Rien cependant n’inspire autant d’horreur que la possibilité d’exister uniquement, parce qu’on ne sait pas mourir ; et comme c’est le sort qui peut attendre toutes les grandes passions, un tel objet d’effroi suffit pour faire aimer cette puissance de philosophie, qui soutient toujours l’homme au niveau de la vie, sans l’y trop attacher, mais sans la lui faire haïr.
La philosophie n’est pas de l’insensibilité, quoiqu’elle diminue l’atteinte des vives douleurs il faut une grande force d’âme et d’esprit pour arriver à cette philosophie dont je vante ici les secours ; et l’insensibilité est l’habitude du caractère, et non le résultat d’un triomphe. La philosophie se sent de son origine. Comme elle naît toujours de la profondeur de la réflexion, et qu’elle est souvent inspirée par le besoin de résister à ses passions, elle suppose des qualités supérieures, et donne une jouissance de ses propres facultés tout à fait inconnue à l’homme insensible ; le monde lui convient mieux qu’au philosophe ; il ne craint pas que l’agitation de la société trouble la paix dont il goûte la douceur. Le philosophe, qui doit cette paix au travail de sa pensée, aime à jouir de lui-même dans la retraite.
La satisfaction que donne la possession de soi, acquise par la méditation, ne ressemble point aux plaisirs de l’homme personnel ; il a besoin des autres, il exige d’eux, il souffre impatiemment tout ce qui le blesse, il est dominé par son égoïsme ; et si ce sentiment pouvait avoir de l’énergie, il aurait tous les caractères d’une grande passion ; mais le bonheur que trouve un philosophe dans la possession de soi, est de tous les sentiments, au contraire, celui qui rend le plus indépendant.
Par une sorte d’abstraction, dont la jouissance est cependant réelle, on s’élève à quelque distance de soi-même pour se regarder penser et vivre ; et comme on ne veut dominer aucun événement, on les considère tous comme des modifications de notre être qui exercent ses facultés et hâtent de diverses manières l’action de sa perfectibilité. Ce n’est plus vis-à-vis du sort, mais de sa conscience qu’on se place, et, renonçant à toute influence sur le destin et sur les hommes, on se complait d’autant plus dans l’action du pouvoir qu’on s’est réservé, dans l’empire de soi-même, et l’on fait chaque jour avec bonheur quelque changement ou quelque découverte, dans la seule propriété sur laquelle on se croit des droits et de l’influence.
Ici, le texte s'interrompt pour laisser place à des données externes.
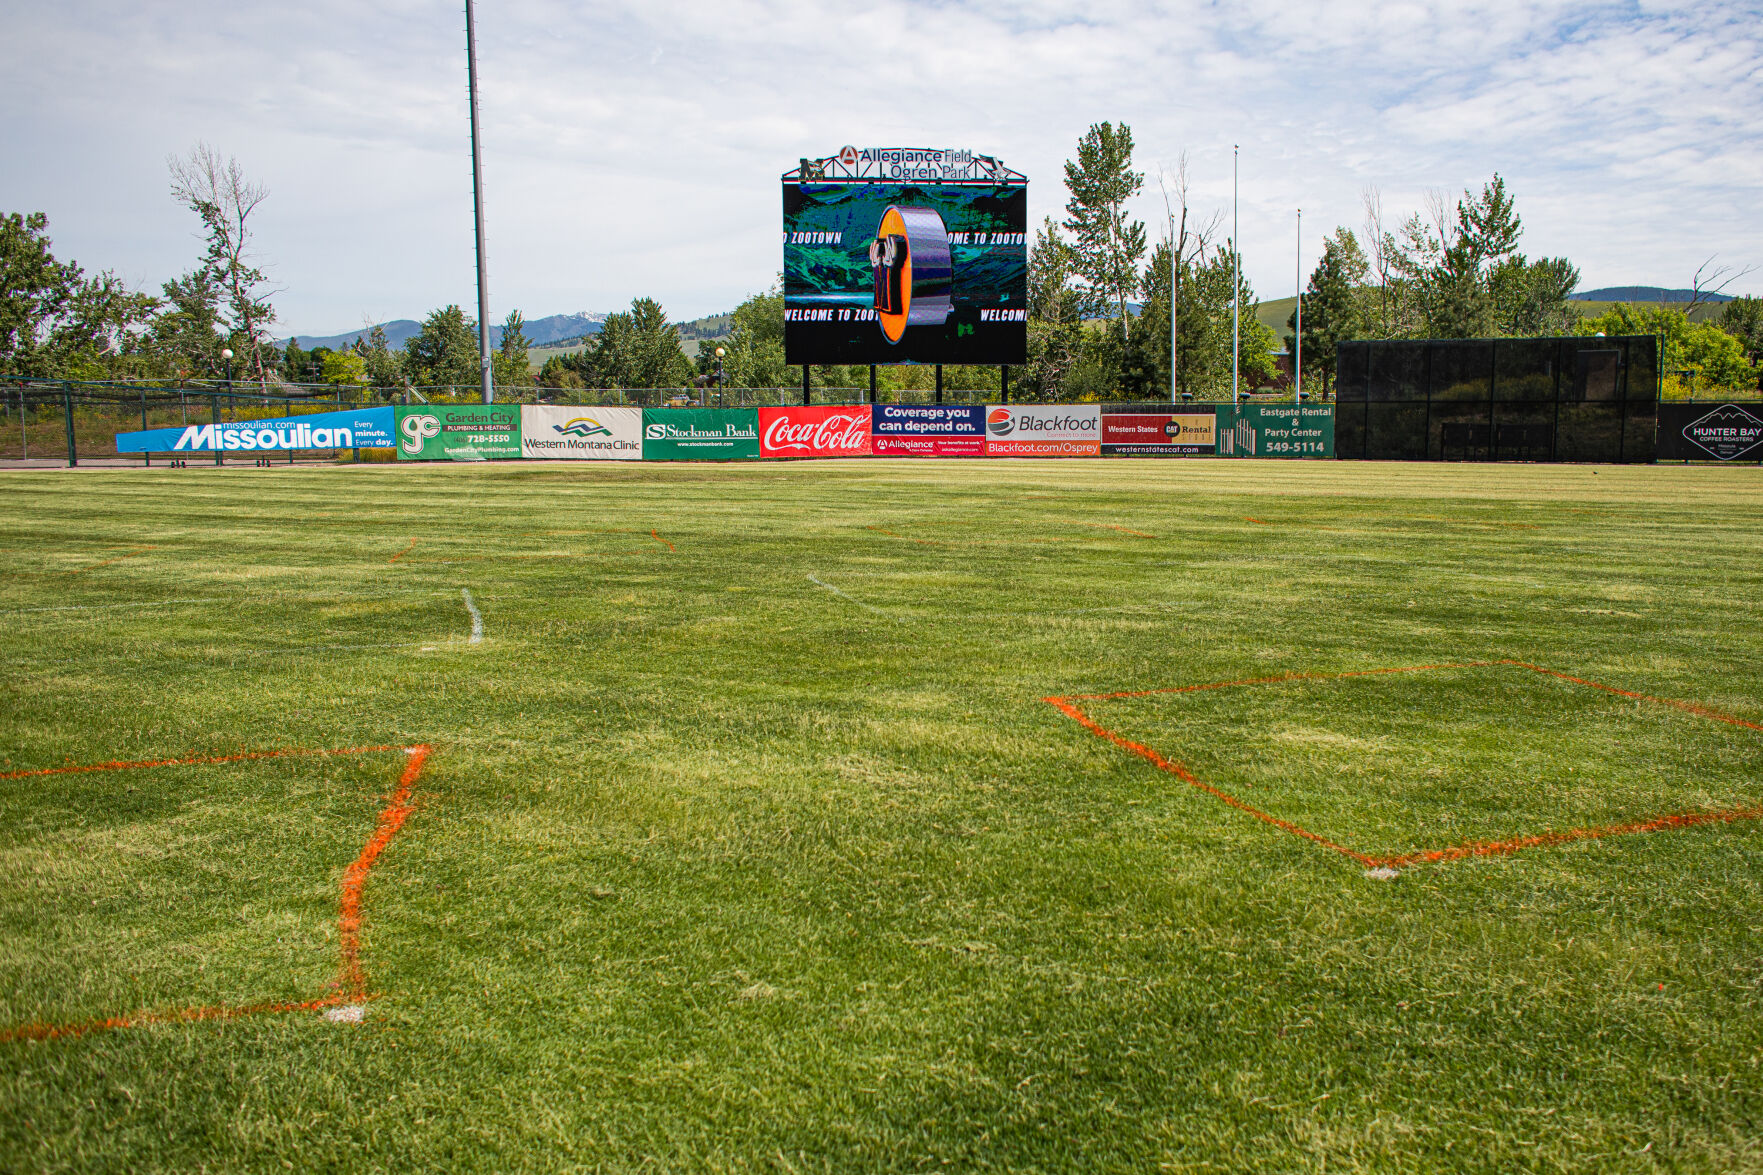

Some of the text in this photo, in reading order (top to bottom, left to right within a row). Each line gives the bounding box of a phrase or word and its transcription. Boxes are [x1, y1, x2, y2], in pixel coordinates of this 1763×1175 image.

[861, 148, 971, 164] Allegiance Field
[890, 165, 970, 182] Ogren Park
[791, 232, 842, 244] ZOOTOWN
[974, 232, 987, 244] TO
[784, 308, 879, 321] WELCOME TO ZOOT
[446, 412, 514, 424] Garden City
[884, 407, 970, 420] Coverage you
[1260, 407, 1332, 418] Eastgate Rental
[223, 420, 296, 429] missoulian.com
[354, 421, 373, 429] Every
[879, 420, 976, 433] can depend on.
[1019, 415, 1097, 431] Blackfoot
[1291, 418, 1299, 426] &
[666, 424, 757, 437] Stockman Bank
[764, 414, 871, 450] Coca-Cola
[1108, 425, 1158, 433] Western States
[1166, 425, 1178, 433] CAT
[1182, 425, 1211, 433] Rental
[1265, 428, 1322, 438] Party Center
[1693, 428, 1762, 436] HUNTER BAY
[173, 423, 353, 450] Missoulian
[355, 438, 394, 447] Every day.
[467, 434, 510, 443] 728-5550
[524, 438, 640, 450] Western Montana Clinic
[888, 440, 934, 449] Allegiance
[988, 442, 1098, 454] Blackfoot.com/Osprey
[1266, 442, 1324, 452] 549-5114
Il faut de la solitude à ce genre d’occupation ; et s’il est vrai que la solitude est un moyen de jouissance pour le philosophe, c’est lui qui est l’homme heureux. Non seulement vivre seul est le meilleur de tous les états, parce que c’est le plus indépendant, mais encore la satisfaction qu’on y trouve est la pierre de touche du bonheur ; sa source est si intime, qu’alors qu’on le possède réellement, la réflexion rapproche toujours plus de la certitude de l’éprouver.
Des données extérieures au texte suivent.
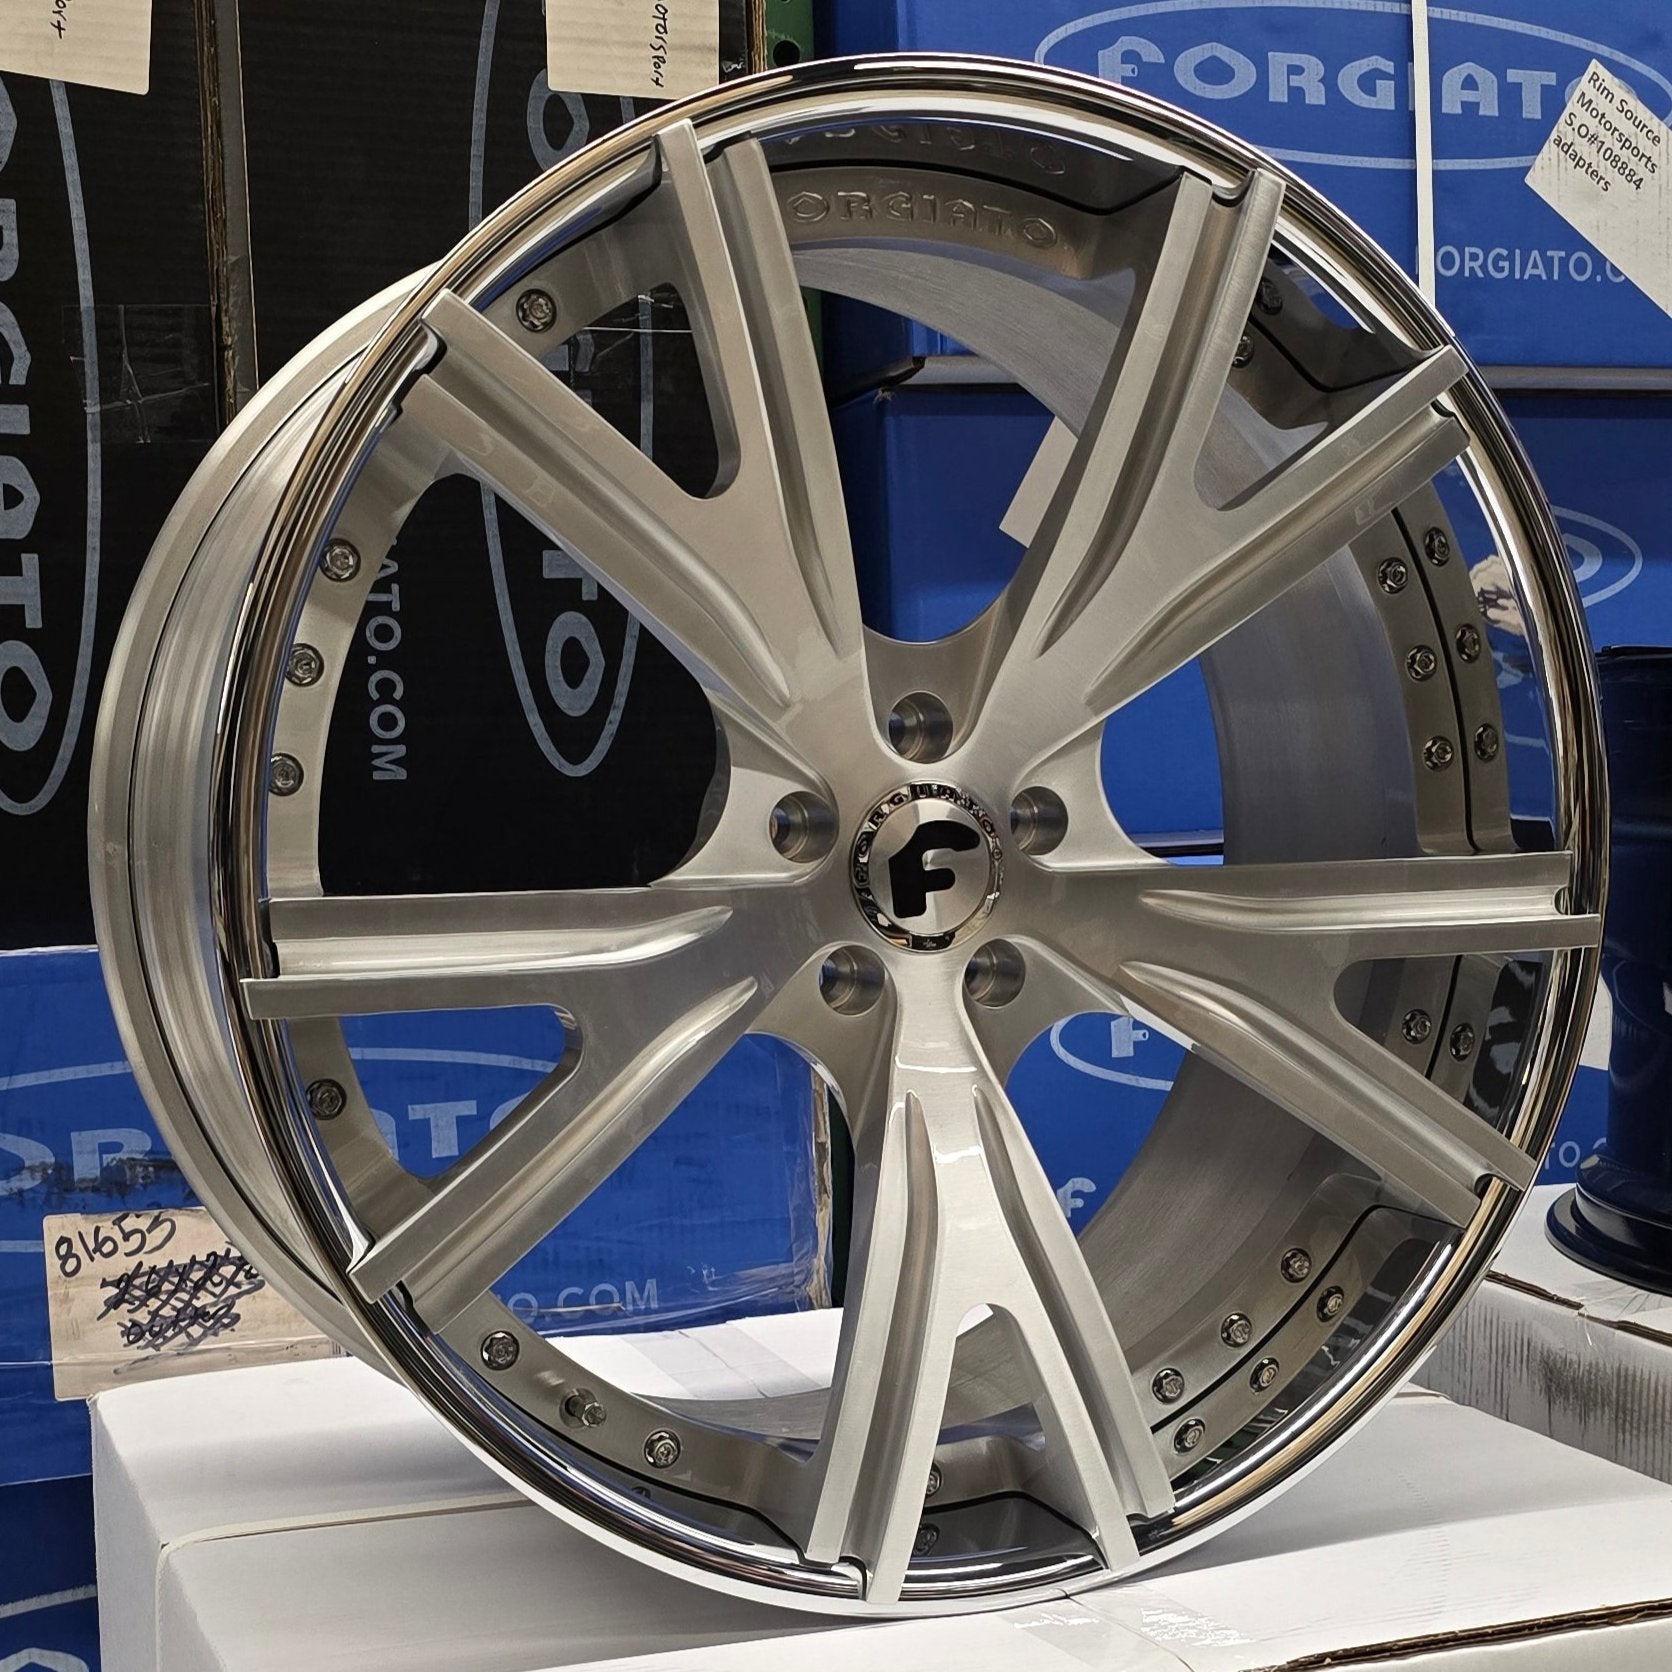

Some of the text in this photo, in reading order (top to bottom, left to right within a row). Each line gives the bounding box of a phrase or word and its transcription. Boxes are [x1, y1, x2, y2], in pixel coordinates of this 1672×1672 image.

[649, 0, 669, 88] otorsport
[1097, 36, 1638, 120] FORGAT
[1576, 91, 1658, 174] Motorsports
[1588, 71, 1661, 147] Rim Source
[1552, 134, 1611, 192] adapters
[1564, 112, 1644, 190] S.O#108884
[1416, 245, 1627, 284] ORGIATO.C
[366, 538, 408, 781] ATO.COM
La solitude est, pour les âmes agitées par de grandes passions, une situation très dangereuse. Ce repos auquel la nature nous appelle, qui semble la destination immédiate de l’homme ; ce repos dont la jouissance paraît devoir précéder le besoin même de la société, et devenir▶ plus nécessaire encore après qu’on a longtemps vécu au milieu d’elle ; ce repos est un tourment pour l’homme dominé par une grande passion. En effet, le calme n’existant qu’autour de lui, contraste avec son agitation intérieure, et en accroît la douleur. C’est par de la distraction qu’il faut d’abord essayer d’affaiblir une grande passion ; il ne faut pas commencer la lutte par un combat corps à corps, et avant de se hasarder à vivre seul, il faut avoir déjà agi sur soi-même. Les caractères passionnés, loin de redouter la solitude, la désirent ; mais cela même est une preuve qu’elle nourrit leur passion, loin de la détruire. L’âme, troublée par les sentiments qui l’oppressent, se persuade qu’elle soulagera sa peine en s’en occupant davantage ; les premiers instants où le cœur s’abandonne à la rêverie, sont pleins de charmes, mais bientôt cette jouissance consume. L’imagination qui est restée la même, quoiqu’on ait éloigné d’elle ce qui semblait l’enflammer, pousse à l’extrême toutes les chances de l’inquiétude ; dans son isolement elle s’entoure de chimères ; l’imagination dans le silence et la retraite, n’étant frappée par rien de réel, donne une même importance à tout ce qu’elle invente. Elle veut se sauver du présent, et elle se livre à l’avenir, bien plus propre à l’agiter, bien plus conforme à sa nature. L’idée qui la domine, laissée stationnaire par les événements, se diversifie de mille manières par le travail de la pensée, la tête s’enflamme et la raison ◀devient▶ moins puissante que jamais. La solitude finit par effrayer l’homme malheureux, il croit à l’éternité de la douleur qu’il éprouve. La paix qui l’environne semble insulter au tumulte de son âme ; l’uniformité des jours ne lui présente aucun changement même dans la peine ; la violence d’un tel malheur au sein de la retraite, est une nouvelle preuve de la funeste influence des passions ; elles éloignent de tout ce qui est simple et facile, et quoiqu’elles prennent leur source dans la nature de l’homme, elles s’opposent sans cesse à sa véritable destination.
La solitude, au contraire, est le premier des biens pour le philosophe. C’est au milieu du monde que souvent ses réflexions, ses résolutions l’abandonnent, que les idées générales les plus arrêtées, cèdent aux impressions particulières. C’est là que le gouvernement de soi exige une main plus assurée ; mais dans la retraite, le philosophe n’a de rapports qu’avec le séjour champêtre qui l’environne, et son âme est parfaitement d’accord avec les douces sensations que ce séjour inspire, elle s’en aide pour penser et vivre. Comme il est rare d’arriver à la philosophie sans avoir fait quelques efforts pour obtenir des biens plus semblables aux chimères de la jeunesse, l’âme qui pour jamais y renonce, compose son bonheur d’une sorte de mélancolie qui a plus de charme qu’on ne pense, et vers laquelle tout semble nous ramener. Les aspects, les incidents de la campagne sont tellement analogues à cette disposition morale, qu’on serait tenté de croire que la Providence a voulu qu’elle ◀devint celle de tous les hommes, et que tout concourut à la leur inspirer, lorsqu’ils atteignent l’époque où l’âme se lasse de travailler à son propre sort, se fatigue même de l’espérance, et n’ambitionne plus que l’absence de la peine. Toute la nature semble se prêter aux sentiments qu’ils éprouvent alors. Le bruit du vent, l’éclat des orages, le soir de l’été, les frimas de l’hiver ; ces mouvements, ces tableaux opposés produisent des impressions pareilles, et font naître dans l’âme cette douce mélancolie, vrai sentiment de l’homme, résultat de sa destinée, seule situation du cœur qui laisse à la méditation toute son action et toute sa force.